This being the run-up time to the Academy Awards, we're up to here with information and hype for the nominees. But we don't hear much about the films contending for short-subject honors, and we have only a brief opportunity to see them. Ten films are nominated, five with live actors and five that are animated. However, St. Louis movie buffs get a break–at the Tivoli, beginning today, all 10 nominees will be screened as a single show.
For some reason, most of them are bleak and rather painful, tragic, nasty. Not pleasant, which probably reflects the mood of the world. We'll look at them in random order, starting with live action. All are good, some a little better than others.
KAVI–A film shot by students and faculty at USC, this one looks at child slavery, in India, where Kavi and his parents make bricks. Sagar Salunke is Kavi, trapped in long, arduous work to become another generation of indentured servants, sweated laborers. Most of the children know their place, as it were, but Kavi wants to know why other children go to school and play cricket. He soon learns. Gregg Helvey wrote a strong story, and got good performances from his India-based cast.
THE DOOR– A terribly bleak little story, dedicated to a real person whose child died in the aftermath of Chenobyl, filmed in Kiev by Irish filmmaker Juanita Wilson, who wrote and directed. In a movie that is dark and filled with unrelieved grief, we see a man break into an abandoned housing project and take a door. Later, we begin to understand the symbolism behind his action, and we grieve with him.
MIRACLE FISH–An Australian film, written and directed by Luke Doolan and starring a little boy named Karl Beattie, who shows pain, and an over-riding sense of wonder in a lovely performance. Bullied at school, he finds solace in its infirmary, falls asleep and wakes up after everyone has left. He wanders the school, investigating this and that, finding a cut-out paper fish. He then finds trouble, and Doolan builds tension in a gripping manner.
THE NEW TENANTS–Vincent D'Onofrio, from "Law and Order: Criminal Intent," shows up in this Danish tale of drugs, duplicity and ignorance, written by Anders Thomas Jensen and directed by Joachim Back.
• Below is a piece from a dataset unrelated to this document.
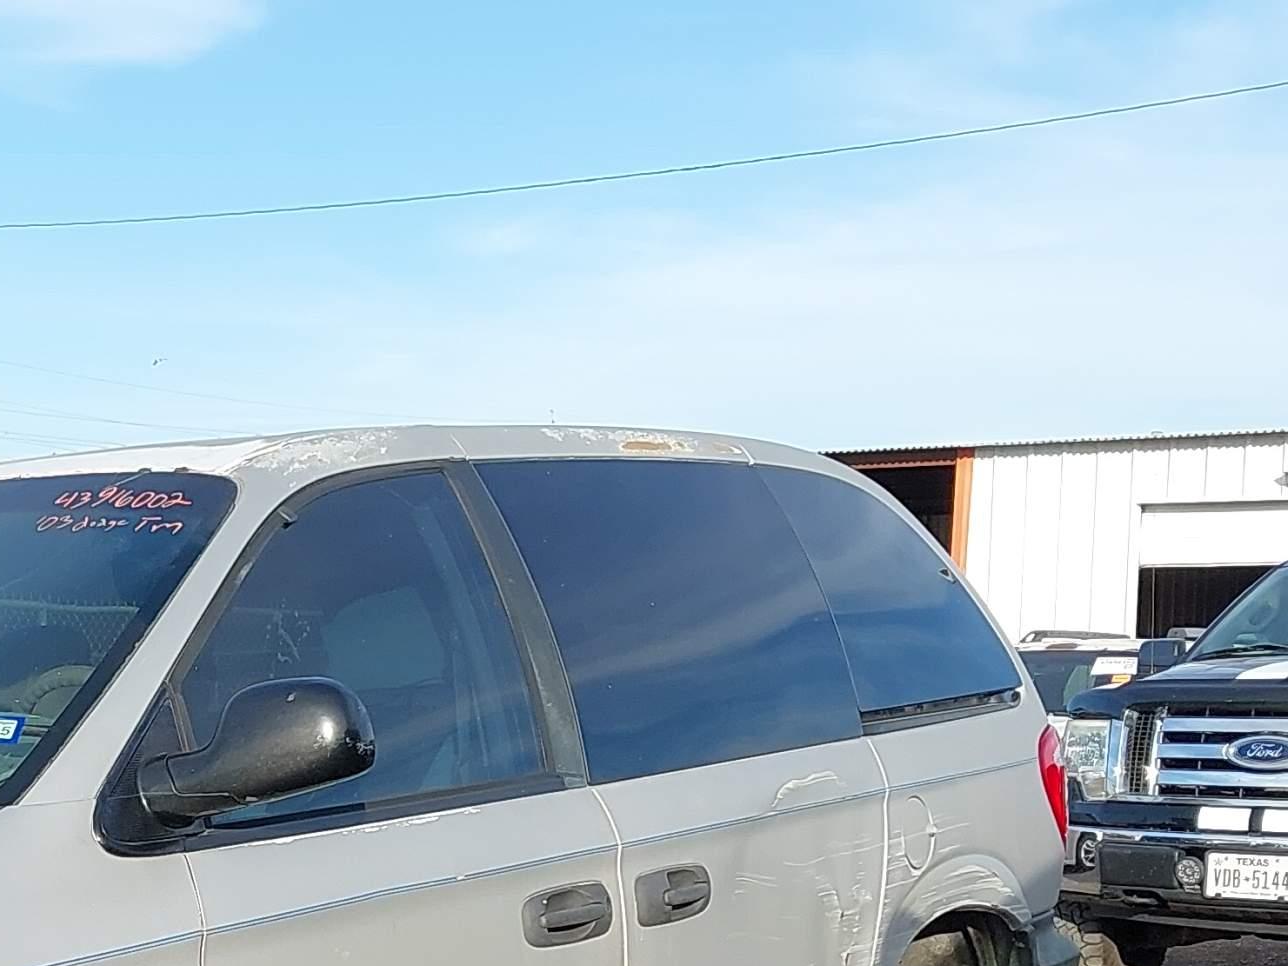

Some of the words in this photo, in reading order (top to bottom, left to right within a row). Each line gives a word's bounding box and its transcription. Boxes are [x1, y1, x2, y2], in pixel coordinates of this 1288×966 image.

A couple of slackers rent an apartment in a run-down, nearly barren housing development. When a neighbor asks to borrow a cup of flour, one of the men remembers seeing a package of white stuff in a kitchen cabinet and gives it to her. When a drug dealer comes looking for his package, attitudes change. Rapidly.
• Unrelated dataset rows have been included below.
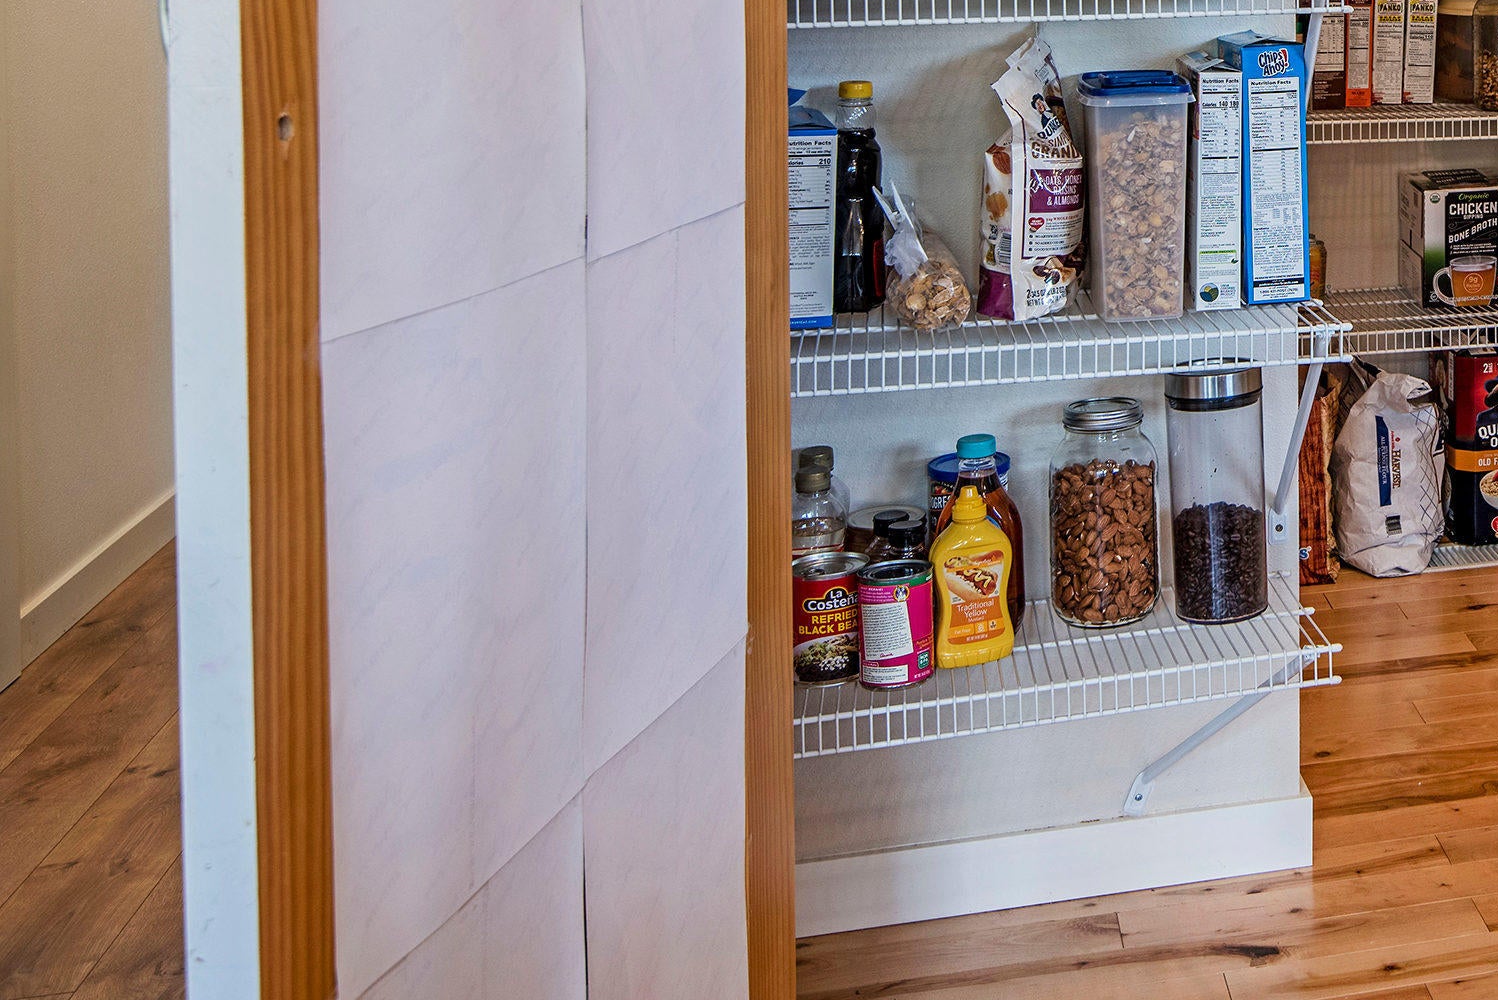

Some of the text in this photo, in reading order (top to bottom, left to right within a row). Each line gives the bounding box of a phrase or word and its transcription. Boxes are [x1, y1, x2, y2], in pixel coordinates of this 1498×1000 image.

[1380, 3, 1401, 12] PANKO
[1412, 3, 1434, 12] PANKO
[1258, 51, 1283, 67] Chips
[1046, 196, 1052, 206] &
[1458, 193, 1490, 202] Organic
[1449, 201, 1498, 216] CHICKEN
[1448, 217, 1498, 243] BONE BROTH
[1483, 363, 1489, 373] 2
[1478, 457, 1491, 466] OLD
[830, 589, 843, 600] La
[957, 598, 995, 612] Traditional
[811, 608, 858, 625] REFRIED
[964, 608, 988, 619] Yellow
[798, 620, 858, 635] BLACK BEA
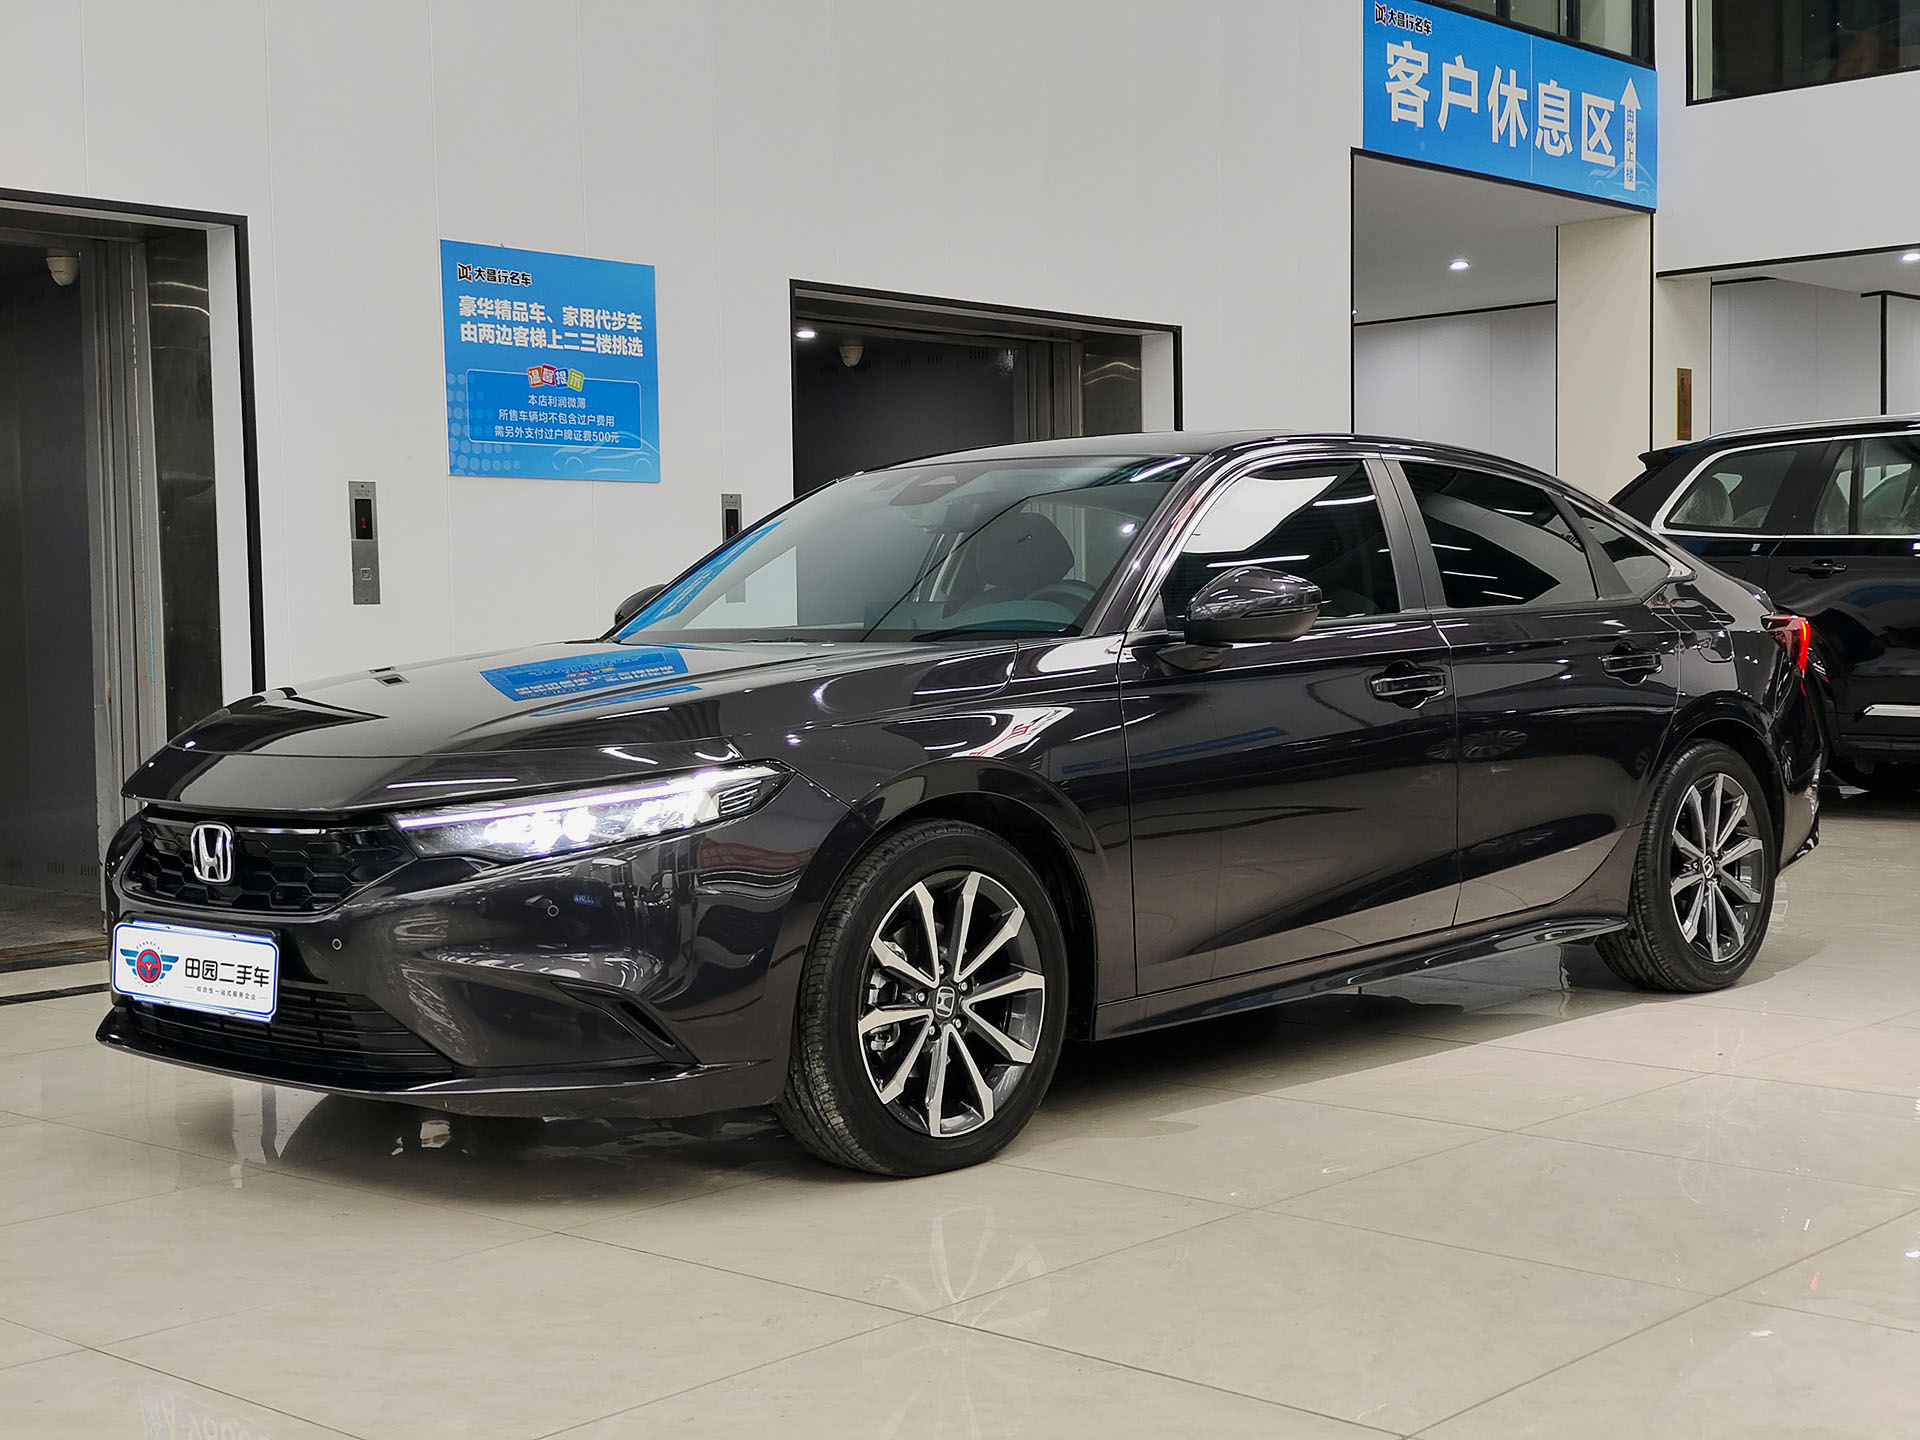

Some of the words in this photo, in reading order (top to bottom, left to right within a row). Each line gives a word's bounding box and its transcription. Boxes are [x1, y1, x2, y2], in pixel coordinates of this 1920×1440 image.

[1388, 9, 1433, 35] 大昌行名车
[1385, 40, 1617, 168] 客户休息区
[474, 267, 532, 286] 大昌行名车
[460, 321, 644, 357] 由两边客梯上二三楼挑选
[528, 366, 582, 390] 温馨提示
[528, 394, 586, 409] 本店利润微薄
[498, 408, 615, 428] 所售车辆均不包含过户费用
[494, 425, 620, 443] 需另外支付过户牌证费500元
[185, 957, 270, 987] 田园二手车
INSTEAD OF ABRACADABRA–A Swedish film, written and directed by Patrik Eklund, this black, bizarre comedy revolves around a young man still living at home and trying to become a magician, resisting his father's efforts to convince him that another line of work would be less dangerous and more profitable. When he fixates on an attractive single neighbor
and offers to perform for her son's birthday party, we know trouble is in the air, and as the old saying goes, it's downhill from there. The title? This guy wants a substitute for "abracabra," and uses "chimay," but his magic works as if he has over-indulged on the Belgian beer whose name he has selected.
The animated films, displaying skillful use of various types of art, also have an underlying air of things not going quite right. Pessimism rules.
GRANNY O'GRIMM'S SLEEPING BEAUTY–An Irish entry, directed by Nicky Phelan, written and performed by Kathleen O'Rourke, deals with a slightly different twist on the traditional tale, and features a witch in a walker.
LOGORAMA–My favorite in this division was this French tale, set in Los Angeles, that mocked billboards, corporate logos,commercials, freeways and a long list of advertising symbols from the Michelin Man to Ronald McDonald and the old song, "I Don't Want to Set the World on Fire (I just want to start a flame in your heart.)"
THE LADY AND THE REAPER–The Grim Reaper and the Old Lady do battle in a Spanish film, with a doctor helping the latter and coming across as a major sex symbol. And as the battle rages, we hear Vera Lynn and the 1939 World War II song, "We'll meet again," also used in Stanley Kubrick's "Dr. Strangelove, or How I Stopped Worrying and Learned to Love the Bomb," which puts Javier Garcia's film somewhere between farce and tragedy.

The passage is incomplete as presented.